Naquele ano, o grupo antisuborno da OCDE emitiu notas questionando o governo brasileiro sobre mudanças na legislação que poderiam "comprometer seriamente a capacidade do país de cumprir suas obrigações" da convenção internacional.
Além da questão do compartilhamento de dados via Coaf (Conselho de Controle de Atividades Financeiras), a entidade citou na época a Lei de Abuso de Autoridade, sancionada naquele ano por Bolsonaro e entendida como ampla demais e com "conceitos vagos".
A criação do subgrupo para analisar o andamento da situação no país é interpretado como mais uma advertência.
Segundo Kos, o Brasil está cooperando e deverá apresentar uma resposta em outubro às observações feitas pela comissão.
"No altamente improvável caso de falta de cooperação ou em uma situação em que o Brasil não atenda às preocupações em relação aos pontos levantados pelo grupo antisuborno, espera-se que o subgrupo dê sugestões sobre medidas adicionais relacionadas ao Brasil", disse ele à Folha.
O dirigente da OCDE esteve em Brasília em 2019 e discutiu o assunto com o chefe da Controladoria-Geral da União, Wagner Rosário, e o ministro Dias Toffoli, entre outras autoridades.
Em relação à recente mudança na Lei de Improbidade Administrativa, aprovada na Câmara dos Deputados e que ainda precisa ser apreciada pelo Senado, Kos afirmou que não poderia opinar sem verificar o texto. Mas disse não ter dúvidas de que o subgrupo deverá examinar o assunto.

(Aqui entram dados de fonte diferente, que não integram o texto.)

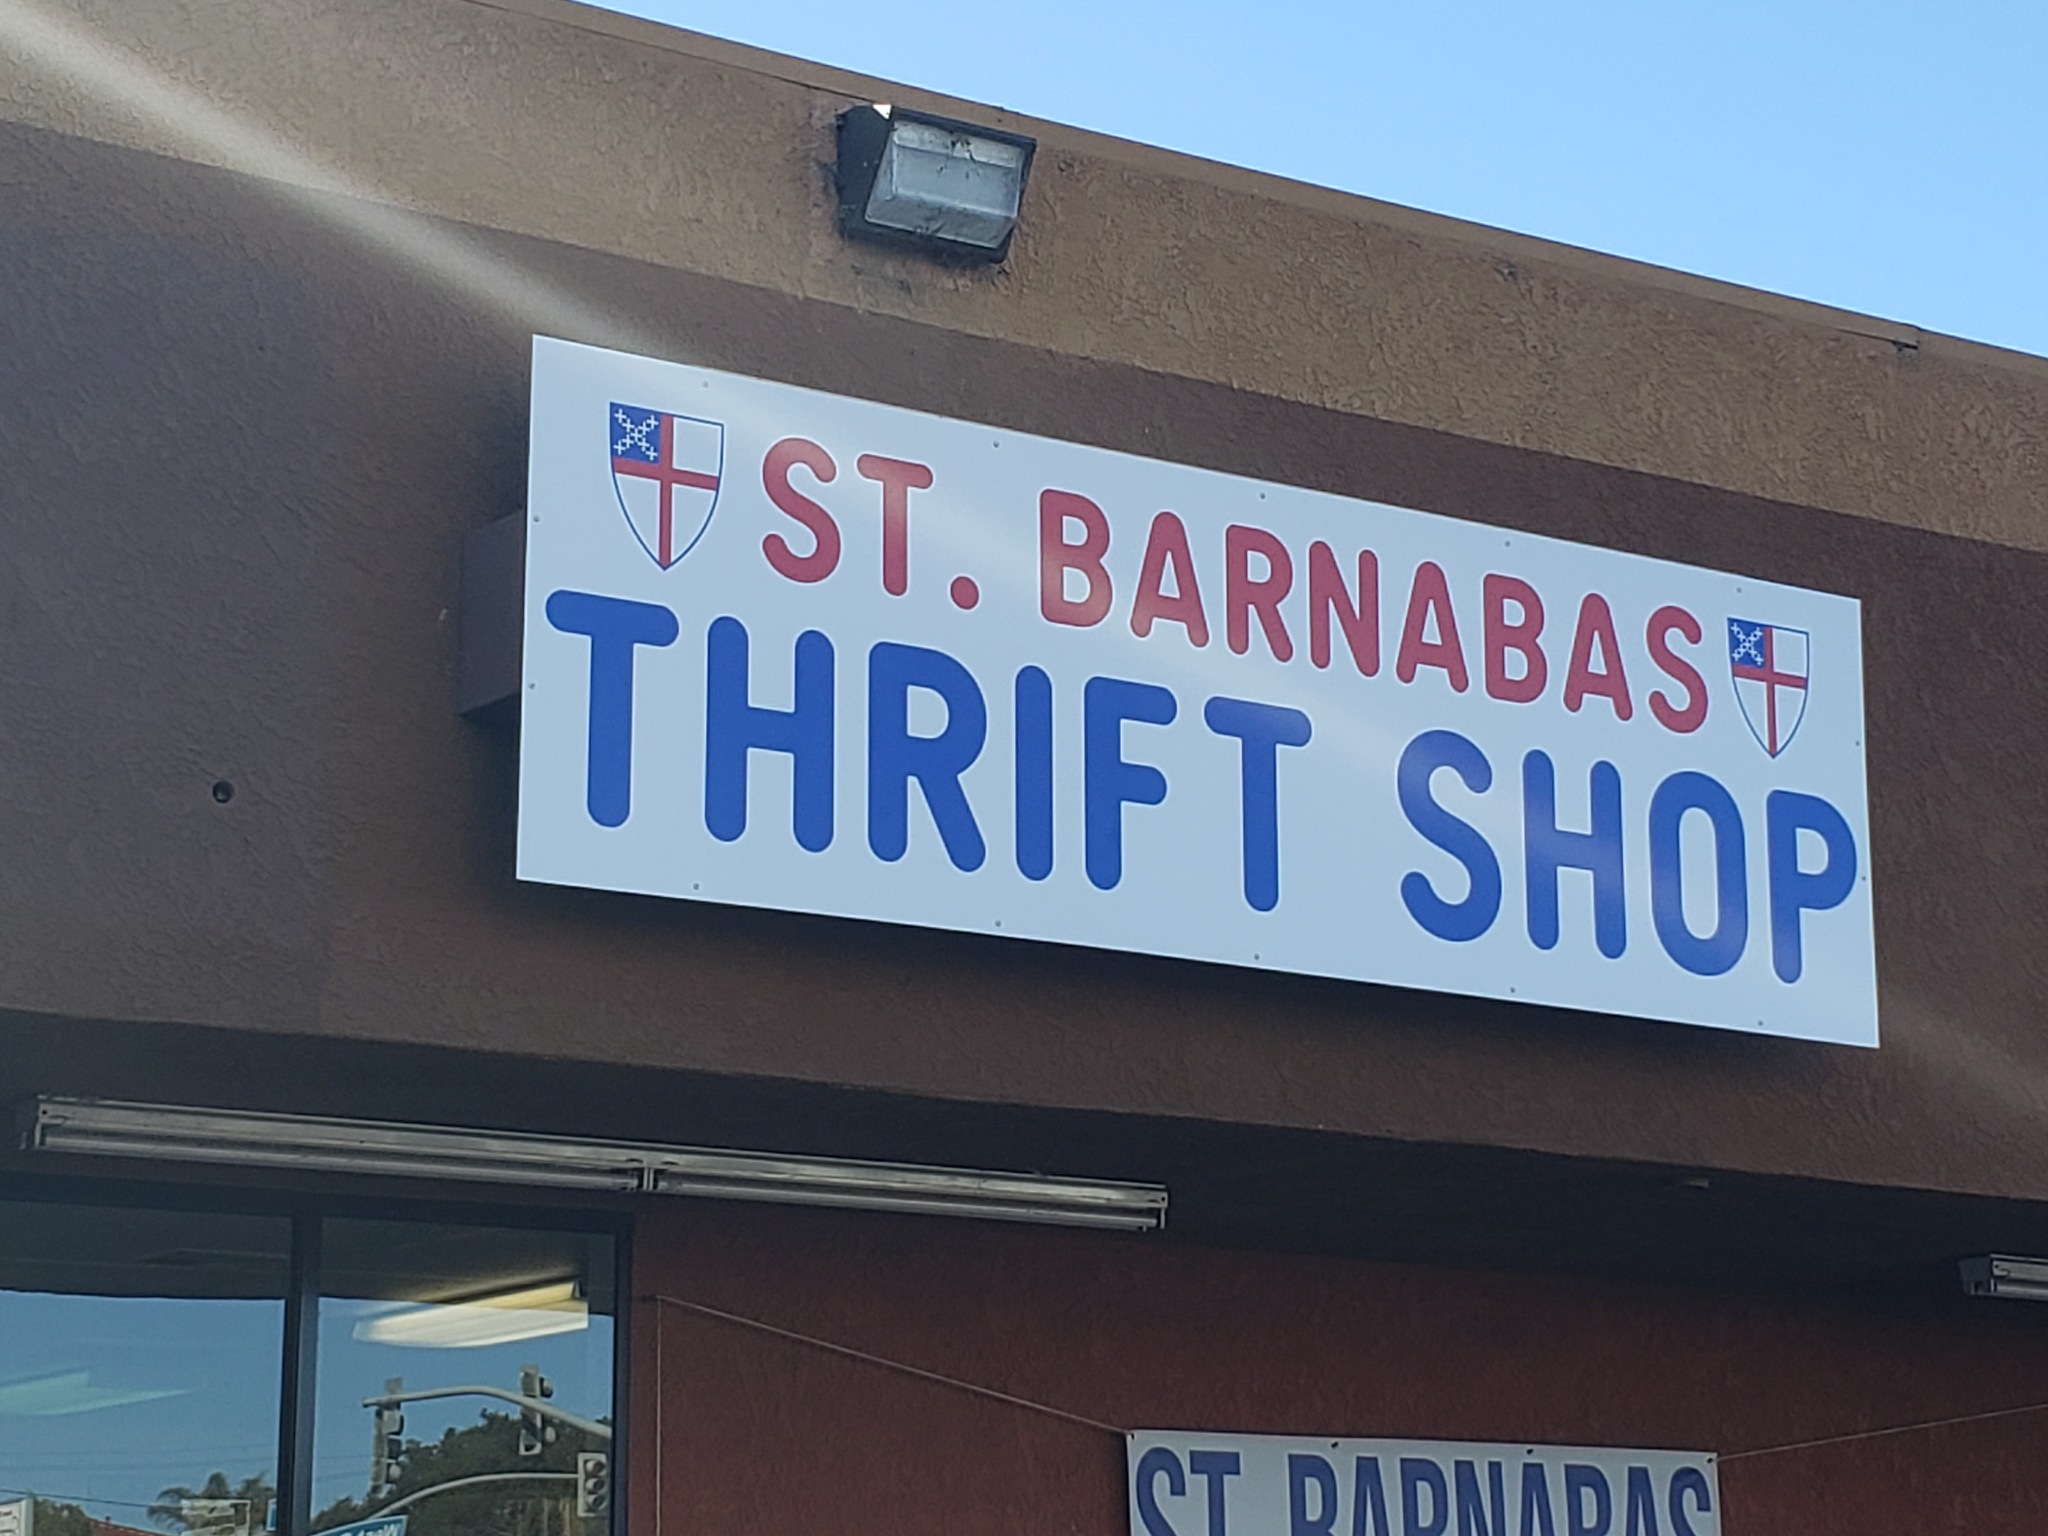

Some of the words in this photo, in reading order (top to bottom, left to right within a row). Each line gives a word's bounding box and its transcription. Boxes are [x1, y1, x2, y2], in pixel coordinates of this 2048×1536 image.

Questionado sobre a perda de credibilidade da Operação Lava Jato desde que o então juiz Sergio Moro decidiu fazer parte do governo Bolsonaro, o dirigente da OCDE disse que quando esteve no Brasil não percebeu um abalo à reputação do ex-magistrado. Também considera que o saldo da operação se consolidará nos próximos anos.
A reportagem também perguntou se o combate à corrupção não tem como efeito colateral a ascensão de outsiders políticos e o enfraquecimento de partidos e instituições.
Kos, um esloveno que foi árbitro de futebol até 2006, respondeu: "O esforço anticorrupção nunca enfraquece instituições de estado ou partidos políticos honestos. Ele os fortalece. Políticos corruptos terão que omitir [o tema] corrupção como forma de atingir seus objetivos. Caso contrário, pagarão o preço nas eleições."